Cinemartyr is Back With New Album
When Cinemartyr makes new music, compositional concepts are often one of the grander elements in the work, and it’s in this sense that their new record Opt Out isn’t that different from the content they’ve released in the past. Where a lot of other bands would want to shelter their harmonies from the textural presence of additional instrumentation, this is a group that runs head-on towards the chaos, using it as a means of emphasizing the chaste nature of a melody or even the absence of a traditional hook, which are two elements that you aren’t going to find in a lot of indie rock contemporarily. Opt Out sees Cinemartyr both playing their most melodic content to date as well as their most industrial, with the clash of these two facts resulting in friction as enticing as it comes.
There is definitely an atmospheric tone that feels like a hangover from the band’s last album, the stirring 5-star affair Death of the First Person, but it’s been minimized so as to make way for what feels like an oxygen-robbing smother that starts and ends with the fretwork in the mix. Though “Water Graphics” doesn’t have the assaultive nature of “Terms and Conditions” or “Delete Yourself,” there’s a brutishness to even its most seamless of instrumental harmonies that seems to fall in place with the same pinch of the bass in “Everything Dysmorphia” and “Art Forum.” Continuity matters in rock, despite what some might tell you, and a record like Opt Out reminds us this every chance its creators get.
You’ll hear a lot of grinding and grating coming off of the backend in the likes of “Cancellation Policy,” “No Legacy,” and “Dead Influencer,” but one thing you’re not going to find in the whole of this tracklist is a lot of slickly produced content made specifically with mass airplay in mind. I don’t think this is completely because Cinemartyr wants to reject the mainstream, but they’re also not trying to match the model that anyone else is espousing as the standard in alternative rock anymore. That wouldn’t make them very ‘alternative’ by conventional measurement, at least if we’re dating it back to the origin of the term, and I think it’s commendable that they’re living by a higher standard with performances like the ones that comprise this LP.

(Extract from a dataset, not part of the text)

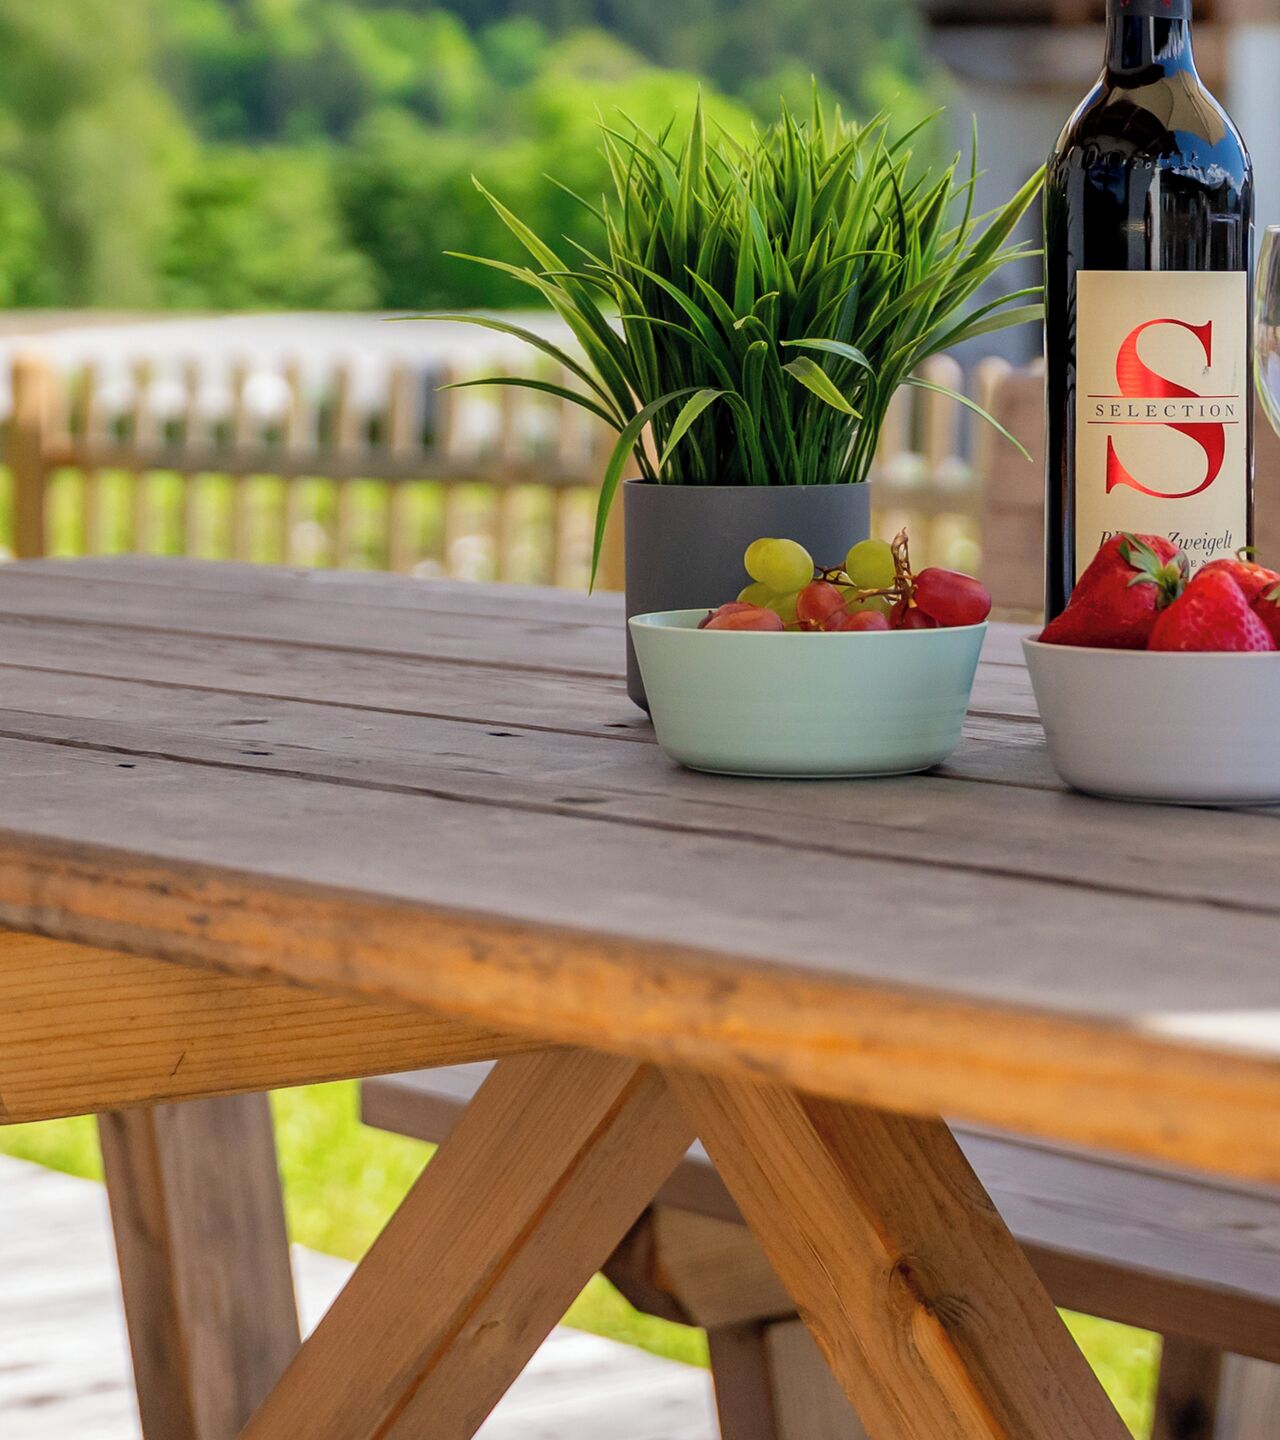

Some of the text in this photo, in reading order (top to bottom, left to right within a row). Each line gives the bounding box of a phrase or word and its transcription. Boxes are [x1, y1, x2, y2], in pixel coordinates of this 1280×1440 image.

[1095, 403, 1235, 418] SELECTION
[1106, 317, 1226, 499] S
[1167, 530, 1233, 557] Zweigelt

Of all the underground scenes in the world, there isn’t another like New York City’s, and the very fact that this band has been able to cultivate the status that they have through some of the more pressing years this scene has ever experienced says something about what they have to offer the indie rock aesthetic. Cinemartyr’s Opt Out picks right up where their last record left off in pushing their sound into the future one painstaking bastion of noise-born melodicism at a time, and if you’ve never heard their music prior to this LP hitting store shelves, this might be a good way of getting familiar with the band – as well as the buzz they’ve so righteously earned.